Arbitrum Data Ingestion Framework

Tl;dr

This repo contains scripts for scraping on and off-chain data relevant for understanding the Arbitrum ecosystem.

Some examples: grant awardees and Github profiles, DAO proposals and voters, forum posts and posters...

The code is organized into two three modules:

scraping: scripts to scrape data
ingestion scripts to ingest data into a Neo4J, a graph database
post-processing scripts to enrich data in Neo4J with additional attributes

Judges

Ignore Snapshot Ingestor + Tally Scraper, they were submitted after deadline.

Design strategy

The repository structure allows you to call commands using a Python module approach. For example, run python3 -m pipelines.scraping.discourse.scrape to scrape posts and post authors from Arbitrum DAO's Discourse forum.

Data

Scrapers store data in S3 by default (filesizes get quite large when you run multiple times a day for testing.) I will add the option to store data locally/on IPFS shortly. Links to the full datafiles are included in each scraper's README.md.

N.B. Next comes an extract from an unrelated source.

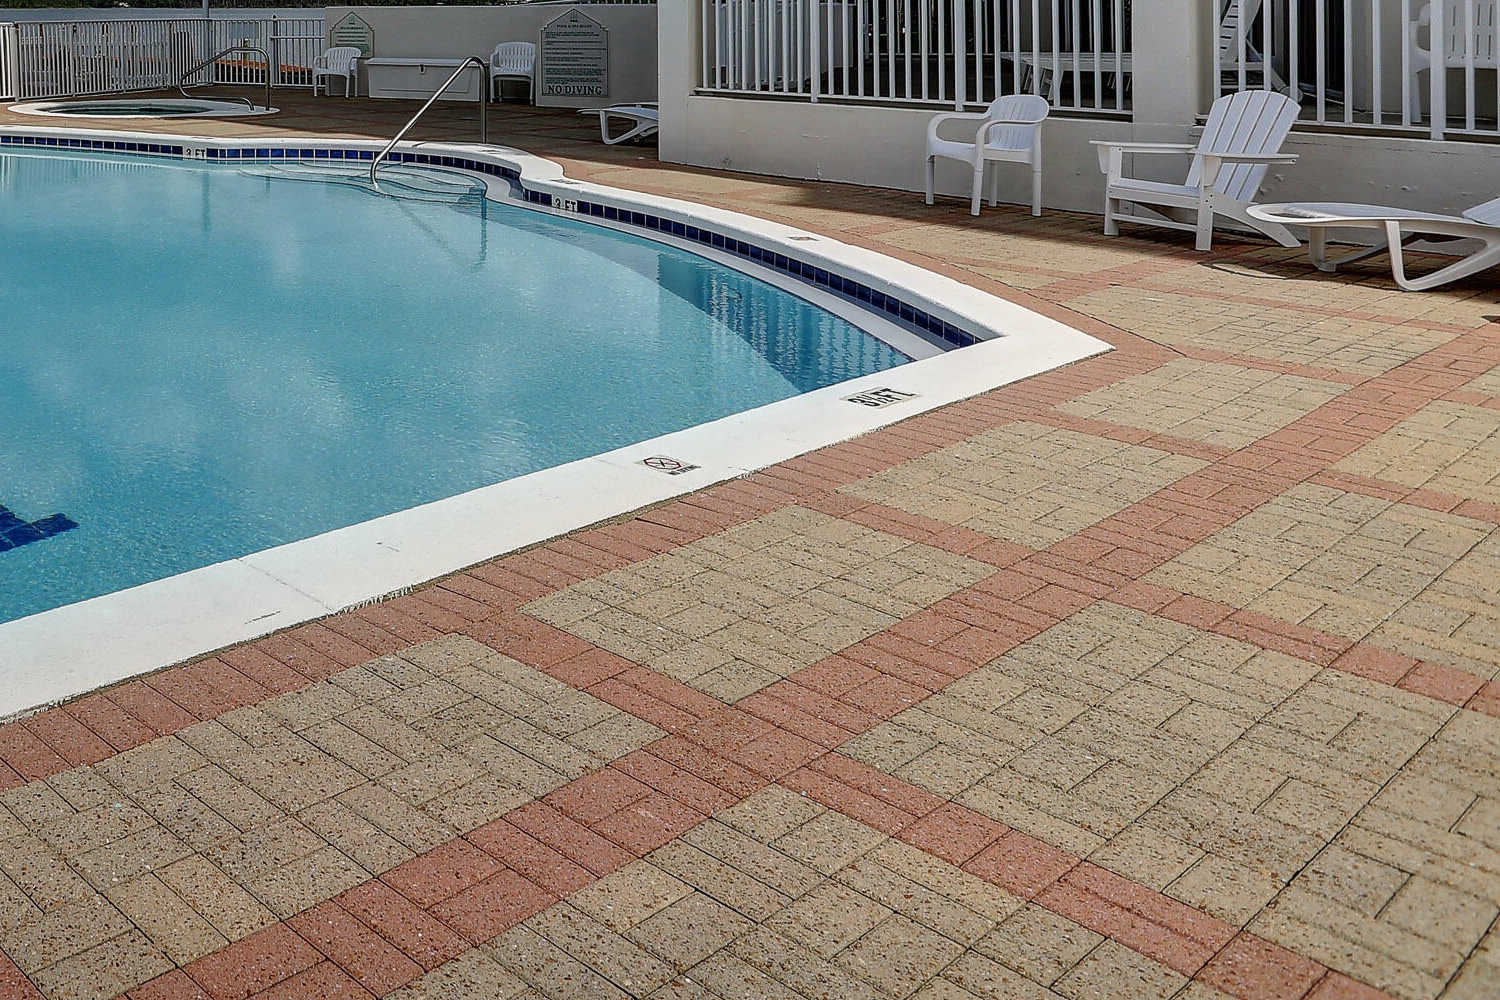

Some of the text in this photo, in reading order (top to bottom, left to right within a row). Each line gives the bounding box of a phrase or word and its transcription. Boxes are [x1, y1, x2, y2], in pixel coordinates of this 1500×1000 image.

[548, 84, 602, 95] NO DIVING
[186, 148, 206, 157] 3 FT
[565, 200, 576, 212] FT

Snapshot/Voting: ipfs://bafybeihu23kfmowefwj2ztolc42ajyx7gqd7i5wfvwnypvqhmel5hwrorm/
Discourse/Forum: https://arb-grants-data-arbitrum-discourse.s3.us-east-2.amazonaws.com/data_2024-3-7_.json

Scrapers store data in S3 by default. I will add the option to store data locally/on IPFS shortly. Links to the full datafiles are included in each scraper's README.md.

Ingestors connect data from different scrapers with a common ontology which enables queries across different data sources. For instance, you can query for wallets who voted on proposals (Snapshot) that funded Grants focused on data (Discourse, Gitcoin).

Install

Create a virtual environment using **Python 3.10. After that, install requirements w/ pip3 install -r requirements.txt

Docker Image

Package the module into a Docker image for cloud deployment or local use. To build the image, run docker build . -t arbitrum-pipelines

Then, execute the modules directly through the Docker image by replacing "module", "service", and "action" with the desired pipeline module.

I.e. docker run --env-file .env arbitrum-pipelines python3 -m pipelines.[module].[service].[action]

Remember to have a .env file containing all the necessary environment variables. For your convenience, the repo also contains a Docker Compose file.